## PROBLEM DETAILS
From the first line to the last, restate every record word for word, leaving out the pictures.

START INFORMATION SUPPLIED

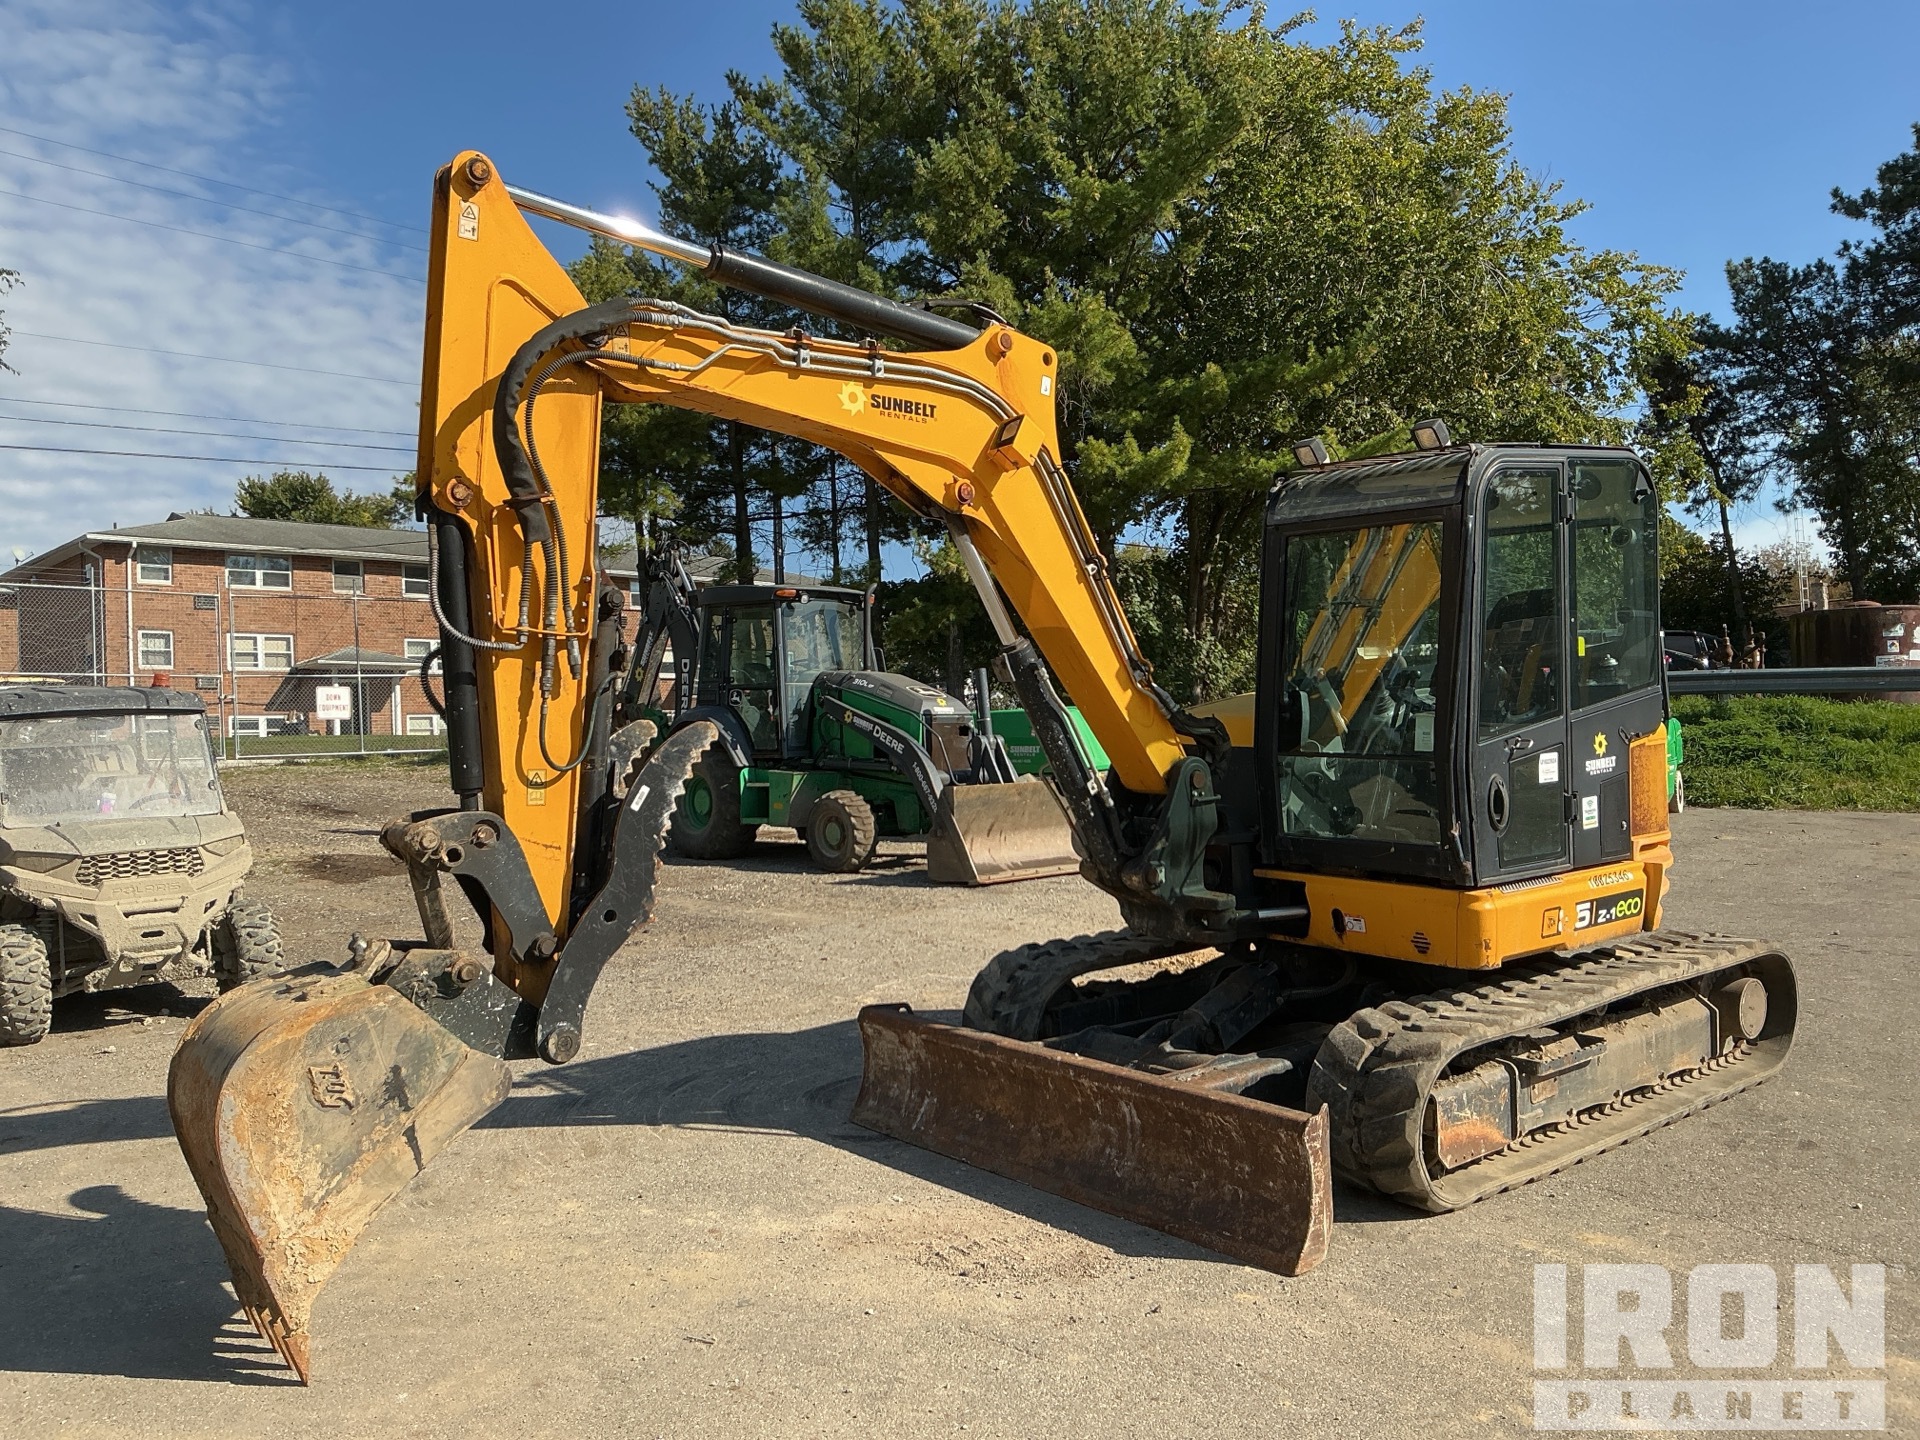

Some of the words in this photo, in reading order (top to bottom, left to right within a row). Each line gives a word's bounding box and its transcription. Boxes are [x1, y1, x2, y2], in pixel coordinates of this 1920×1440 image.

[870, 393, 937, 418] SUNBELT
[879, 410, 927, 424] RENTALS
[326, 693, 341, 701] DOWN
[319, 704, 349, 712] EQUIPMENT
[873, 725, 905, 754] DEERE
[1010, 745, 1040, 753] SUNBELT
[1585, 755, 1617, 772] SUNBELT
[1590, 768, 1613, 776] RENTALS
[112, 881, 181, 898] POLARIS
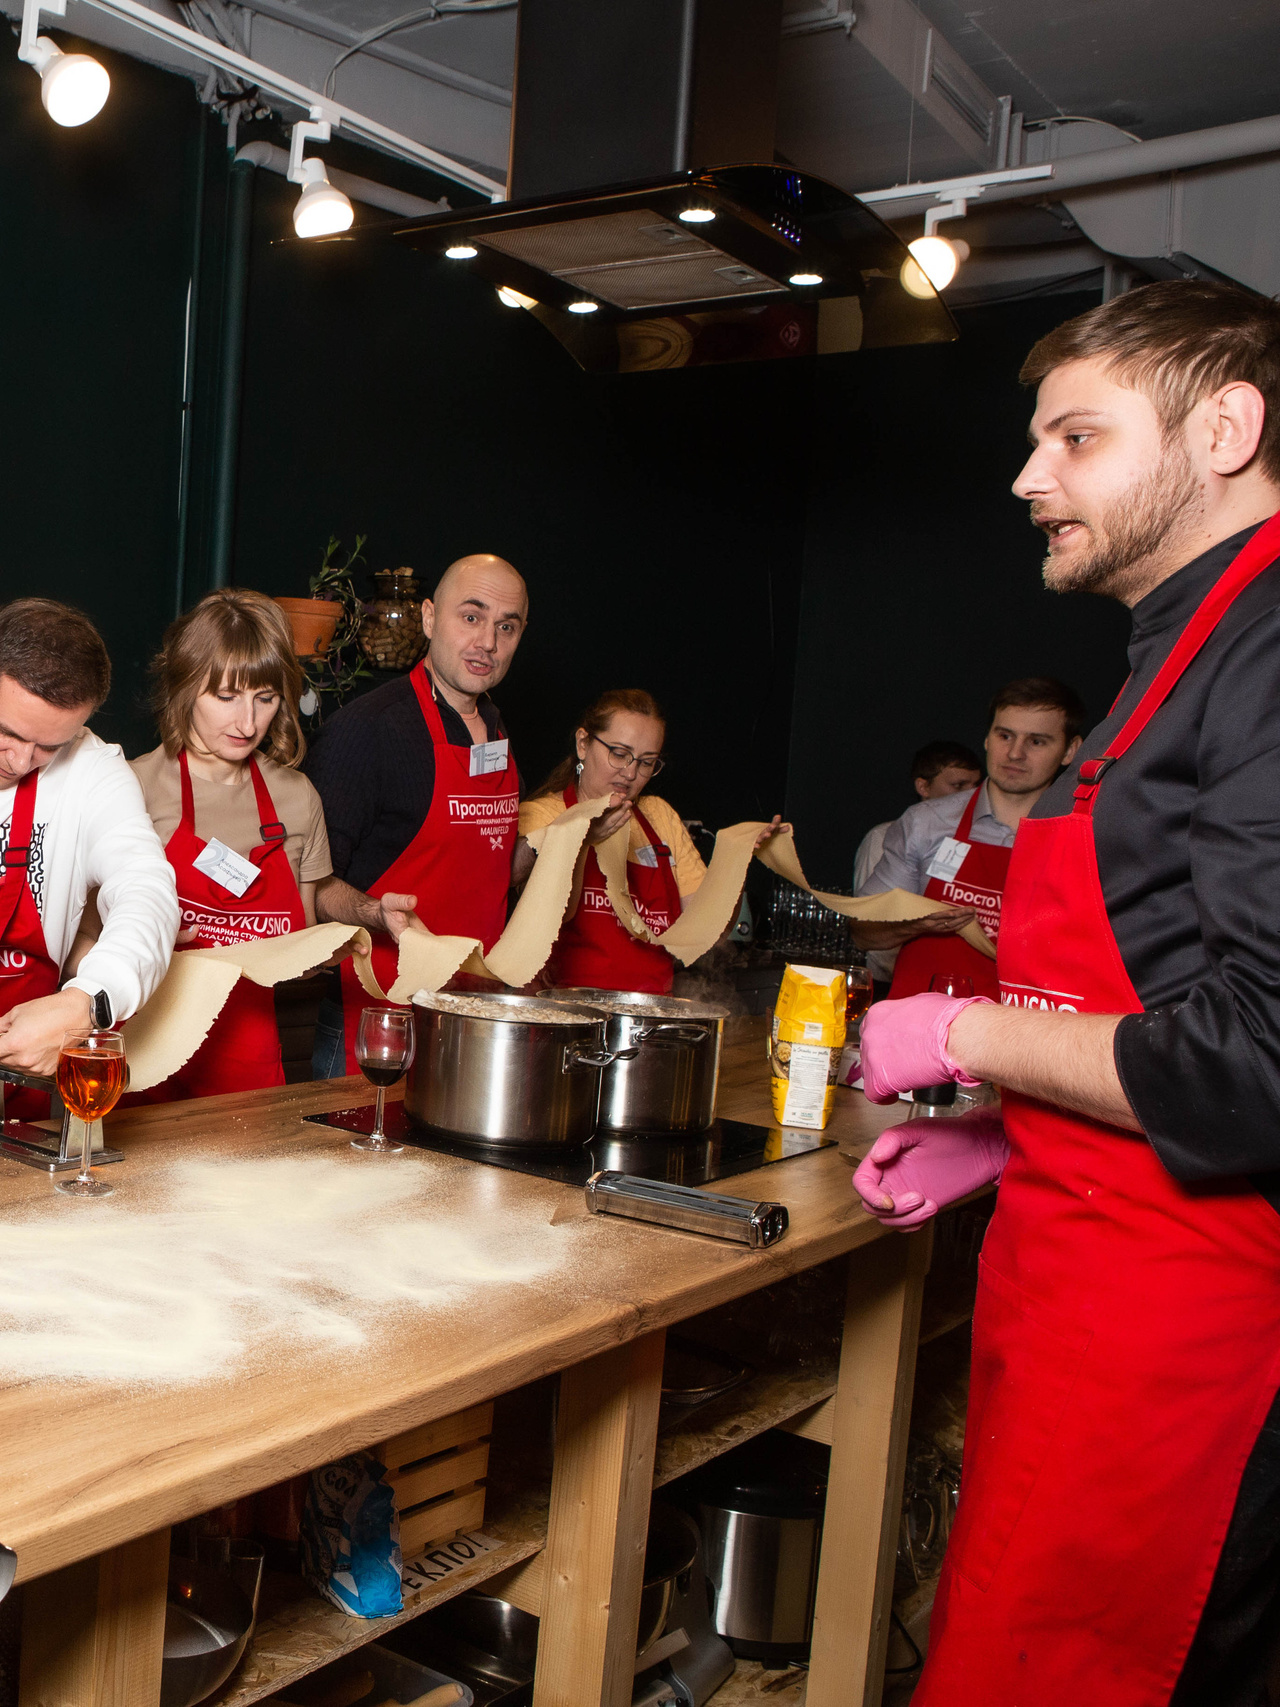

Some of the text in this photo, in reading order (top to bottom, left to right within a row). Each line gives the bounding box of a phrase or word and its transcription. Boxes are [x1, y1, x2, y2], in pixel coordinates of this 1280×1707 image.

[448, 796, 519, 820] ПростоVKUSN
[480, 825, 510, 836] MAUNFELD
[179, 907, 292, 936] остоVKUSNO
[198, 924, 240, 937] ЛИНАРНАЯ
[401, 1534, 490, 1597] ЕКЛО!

END INFORMATION SUPPLIED

## ANSWER FOR THIS EXERCISE
Some of the words in this photo, in reading order (top to bottom, left to right within a row). Each line gives a word's bounding box and its transcription. Boxes are [x1, y1, x2, y2], in pixel coordinates of this 1920×1440 image.

[870, 393, 937, 418] SUNBELT
[879, 410, 927, 424] RENTALS
[326, 693, 341, 701] DOWN
[319, 704, 349, 712] EQUIPMENT
[873, 725, 905, 754] DEERE
[1010, 745, 1040, 753] SUNBELT
[1585, 755, 1617, 772] SUNBELT
[1590, 768, 1613, 776] RENTALS
[112, 881, 181, 898] POLARIS

Some of the text in this photo, in reading order (top to bottom, left to right within a row). Each line gives the bounding box of a phrase or word and its transcription. Boxes are [x1, y1, x2, y2], in pixel coordinates of this 1280×1707 image.

[448, 796, 519, 820] ПростоVKUSN
[480, 825, 510, 836] MAUNFELD
[179, 907, 292, 936] остоVKUSNO
[198, 924, 240, 937] ЛИНАРНАЯ
[401, 1534, 490, 1597] ЕКЛО!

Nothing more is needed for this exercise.